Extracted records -
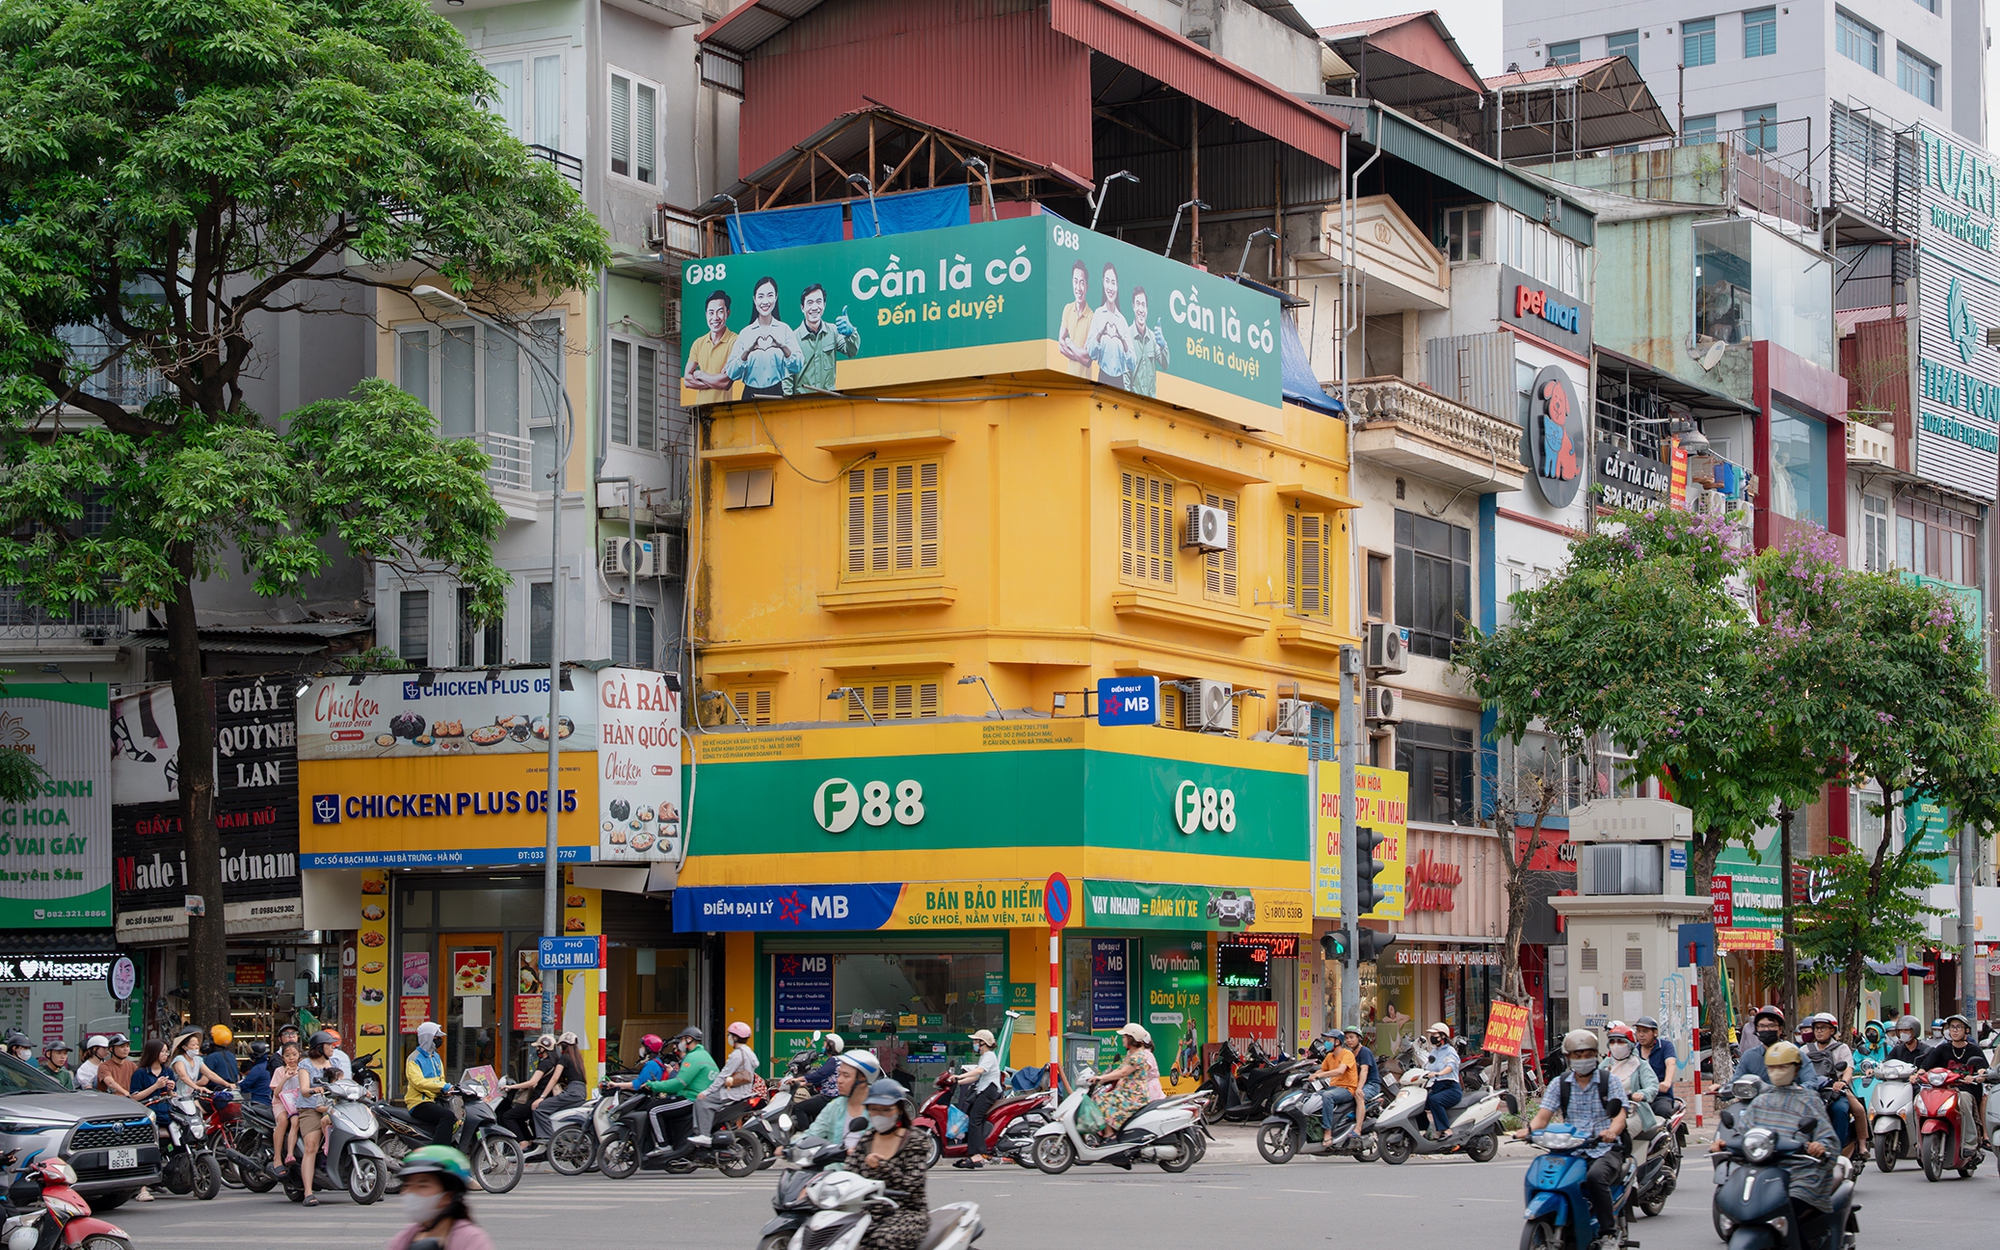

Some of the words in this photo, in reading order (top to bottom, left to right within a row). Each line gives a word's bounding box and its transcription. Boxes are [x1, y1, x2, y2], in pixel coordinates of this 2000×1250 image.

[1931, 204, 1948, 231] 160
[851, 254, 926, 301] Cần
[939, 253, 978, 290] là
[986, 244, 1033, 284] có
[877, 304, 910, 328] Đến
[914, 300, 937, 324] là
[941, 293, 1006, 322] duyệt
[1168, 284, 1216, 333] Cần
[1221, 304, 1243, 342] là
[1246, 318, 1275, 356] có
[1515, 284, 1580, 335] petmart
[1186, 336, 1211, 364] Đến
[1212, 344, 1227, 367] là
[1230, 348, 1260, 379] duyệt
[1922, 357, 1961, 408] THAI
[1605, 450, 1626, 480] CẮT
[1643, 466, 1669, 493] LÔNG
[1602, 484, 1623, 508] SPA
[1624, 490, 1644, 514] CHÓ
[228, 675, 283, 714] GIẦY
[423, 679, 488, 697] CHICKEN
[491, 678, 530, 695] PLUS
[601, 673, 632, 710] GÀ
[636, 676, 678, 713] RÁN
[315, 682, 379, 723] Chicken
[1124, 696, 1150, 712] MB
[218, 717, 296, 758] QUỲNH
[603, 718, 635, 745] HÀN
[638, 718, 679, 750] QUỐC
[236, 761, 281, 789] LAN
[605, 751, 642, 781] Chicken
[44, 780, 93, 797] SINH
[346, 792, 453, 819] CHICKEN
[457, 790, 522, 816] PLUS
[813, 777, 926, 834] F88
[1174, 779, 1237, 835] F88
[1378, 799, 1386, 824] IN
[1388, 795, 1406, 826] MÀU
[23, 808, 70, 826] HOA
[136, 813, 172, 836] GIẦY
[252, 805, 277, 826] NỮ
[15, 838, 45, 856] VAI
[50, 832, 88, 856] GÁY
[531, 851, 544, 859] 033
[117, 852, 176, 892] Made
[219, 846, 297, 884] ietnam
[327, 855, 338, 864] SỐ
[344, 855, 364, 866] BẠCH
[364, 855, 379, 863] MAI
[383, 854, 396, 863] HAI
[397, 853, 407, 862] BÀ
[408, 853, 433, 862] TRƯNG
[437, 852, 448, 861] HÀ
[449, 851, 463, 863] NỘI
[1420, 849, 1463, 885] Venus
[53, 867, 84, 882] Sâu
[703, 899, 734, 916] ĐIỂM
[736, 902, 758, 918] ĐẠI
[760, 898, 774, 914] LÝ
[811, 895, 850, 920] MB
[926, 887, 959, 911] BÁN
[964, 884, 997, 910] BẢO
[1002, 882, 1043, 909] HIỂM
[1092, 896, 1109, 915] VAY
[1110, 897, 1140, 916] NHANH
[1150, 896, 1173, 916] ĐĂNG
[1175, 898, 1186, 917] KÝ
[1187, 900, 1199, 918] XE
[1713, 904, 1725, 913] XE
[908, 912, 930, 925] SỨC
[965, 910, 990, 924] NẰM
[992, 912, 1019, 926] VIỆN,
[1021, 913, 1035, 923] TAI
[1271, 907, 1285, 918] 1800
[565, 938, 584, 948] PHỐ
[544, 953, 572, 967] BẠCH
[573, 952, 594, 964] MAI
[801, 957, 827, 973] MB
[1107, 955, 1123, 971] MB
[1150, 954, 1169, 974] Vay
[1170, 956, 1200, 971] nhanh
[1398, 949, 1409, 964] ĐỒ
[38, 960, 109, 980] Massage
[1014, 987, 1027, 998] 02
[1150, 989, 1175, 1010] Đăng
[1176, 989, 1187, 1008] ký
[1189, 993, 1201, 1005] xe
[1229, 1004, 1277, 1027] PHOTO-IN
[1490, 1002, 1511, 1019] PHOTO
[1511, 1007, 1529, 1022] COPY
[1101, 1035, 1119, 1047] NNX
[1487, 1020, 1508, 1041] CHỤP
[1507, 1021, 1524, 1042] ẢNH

What to do -
Your answer should consist of the lines above that hold the word "BẠCH".

Answer to the exercise -
[344, 855, 364, 866] BẠCH
[544, 953, 572, 967] BẠCH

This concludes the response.